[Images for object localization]
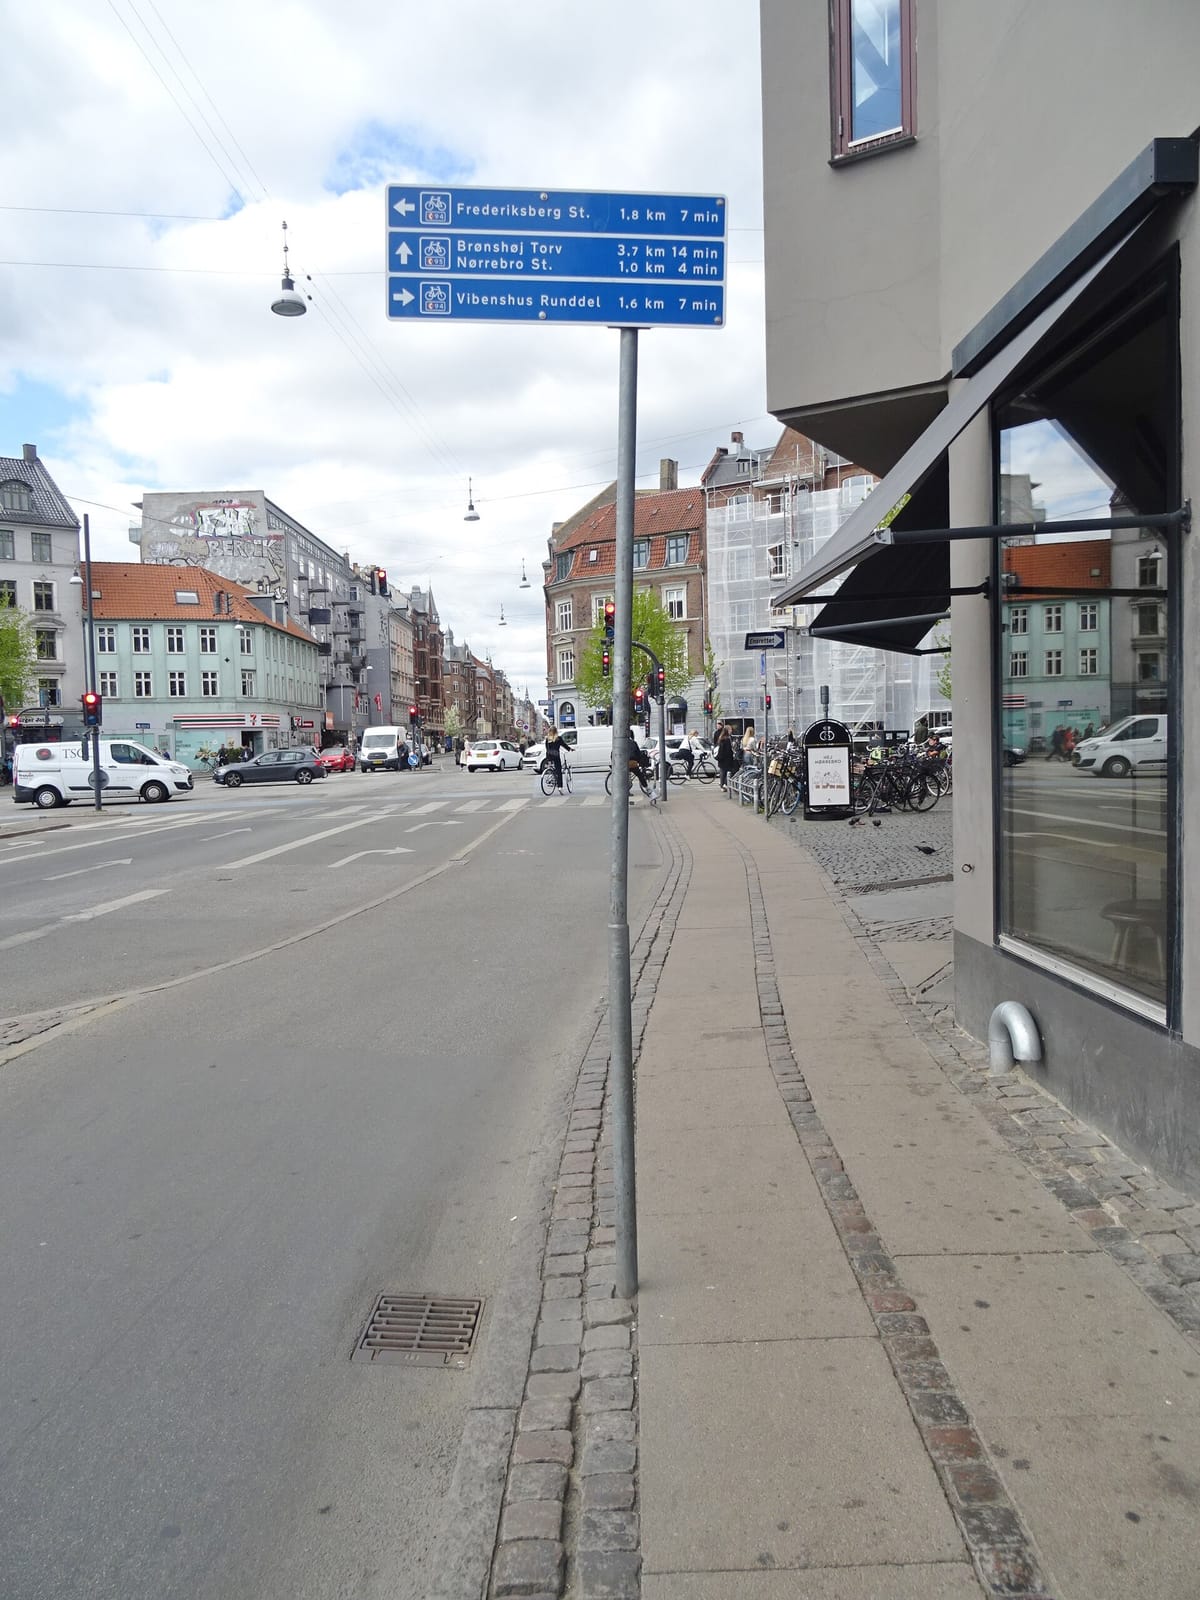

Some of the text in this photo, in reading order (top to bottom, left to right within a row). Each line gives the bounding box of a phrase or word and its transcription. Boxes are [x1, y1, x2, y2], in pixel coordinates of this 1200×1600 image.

[457, 203, 561, 220] Frederiksberg
[568, 207, 590, 219] St.
[620, 209, 639, 220] 1.8
[646, 210, 666, 221] km
[680, 211, 688, 221] 7
[694, 212, 719, 223] min
[457, 240, 524, 256] Brønshøj
[530, 242, 562, 254] Torv
[617, 245, 639, 257] 3.7
[646, 246, 665, 257] km
[671, 247, 688, 258] 14
[693, 248, 718, 259] min
[457, 257, 718, 275] Nørrebro St. 1.0 km 4 min
[456, 293, 533, 306] Vibenshus
[540, 295, 601, 308] Runddel
[619, 297, 638, 309] 1.6
[645, 298, 664, 309] km
[679, 299, 687, 310] 7
[692, 300, 717, 311] min
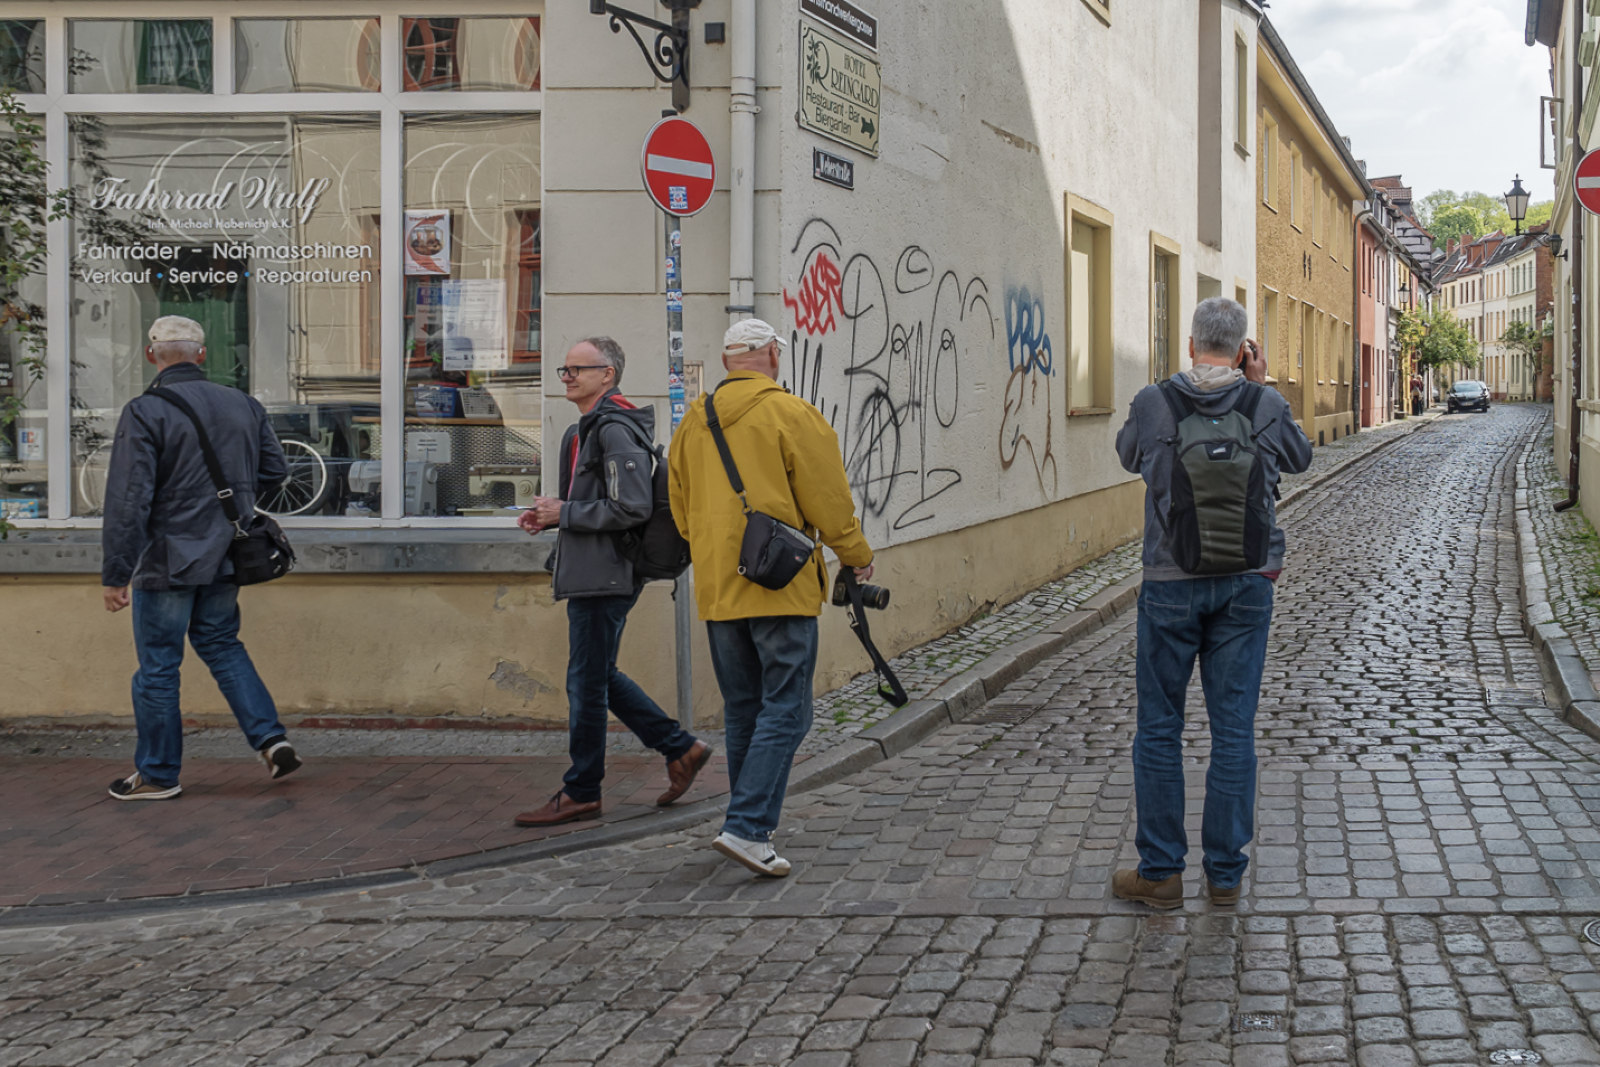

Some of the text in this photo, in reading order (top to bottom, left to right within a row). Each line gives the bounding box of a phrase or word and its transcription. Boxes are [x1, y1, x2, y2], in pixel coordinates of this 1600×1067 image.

[844, 53, 866, 79] HOTEL
[831, 67, 879, 108] REINGARD
[806, 85, 860, 123] Restaurant Bar
[815, 106, 852, 136] Biergarten
[91, 176, 330, 224] Fahrrad Wulf
[170, 218, 212, 229] Michael
[216, 218, 269, 230] Habenicht
[79, 242, 181, 260] Fahrräder
[213, 241, 372, 260] Nähmaschinen
[81, 267, 372, 286] Verkauf Service Reparaturen

What needs to be done
All of the records need to be restated word for word, but not the pictures.

Answer
Some of the text in this photo, in reading order (top to bottom, left to right within a row). Each line gives the bounding box of a phrase or word and its transcription. Boxes are [x1, y1, x2, y2], in pixel coordinates of this 1200×1600 image.

[457, 203, 561, 220] Frederiksberg
[568, 207, 590, 219] St.
[620, 209, 639, 220] 1.8
[646, 210, 666, 221] km
[680, 211, 688, 221] 7
[694, 212, 719, 223] min
[457, 240, 524, 256] Brønshøj
[530, 242, 562, 254] Torv
[617, 245, 639, 257] 3.7
[646, 246, 665, 257] km
[671, 247, 688, 258] 14
[693, 248, 718, 259] min
[457, 257, 718, 275] Nørrebro St. 1.0 km 4 min
[456, 293, 533, 306] Vibenshus
[540, 295, 601, 308] Runddel
[619, 297, 638, 309] 1.6
[645, 298, 664, 309] km
[679, 299, 687, 310] 7
[692, 300, 717, 311] min

Some of the text in this photo, in reading order (top to bottom, left to right within a row). Each line gives the bounding box of a phrase or word and its transcription. Boxes are [x1, y1, x2, y2], in pixel coordinates of this 1600×1067 image.

[844, 53, 866, 79] HOTEL
[831, 67, 879, 108] REINGARD
[806, 85, 860, 123] Restaurant Bar
[815, 106, 852, 136] Biergarten
[91, 176, 330, 224] Fahrrad Wulf
[170, 218, 212, 229] Michael
[216, 218, 269, 230] Habenicht
[79, 242, 181, 260] Fahrräder
[213, 241, 372, 260] Nähmaschinen
[81, 267, 372, 286] Verkauf Service Reparaturen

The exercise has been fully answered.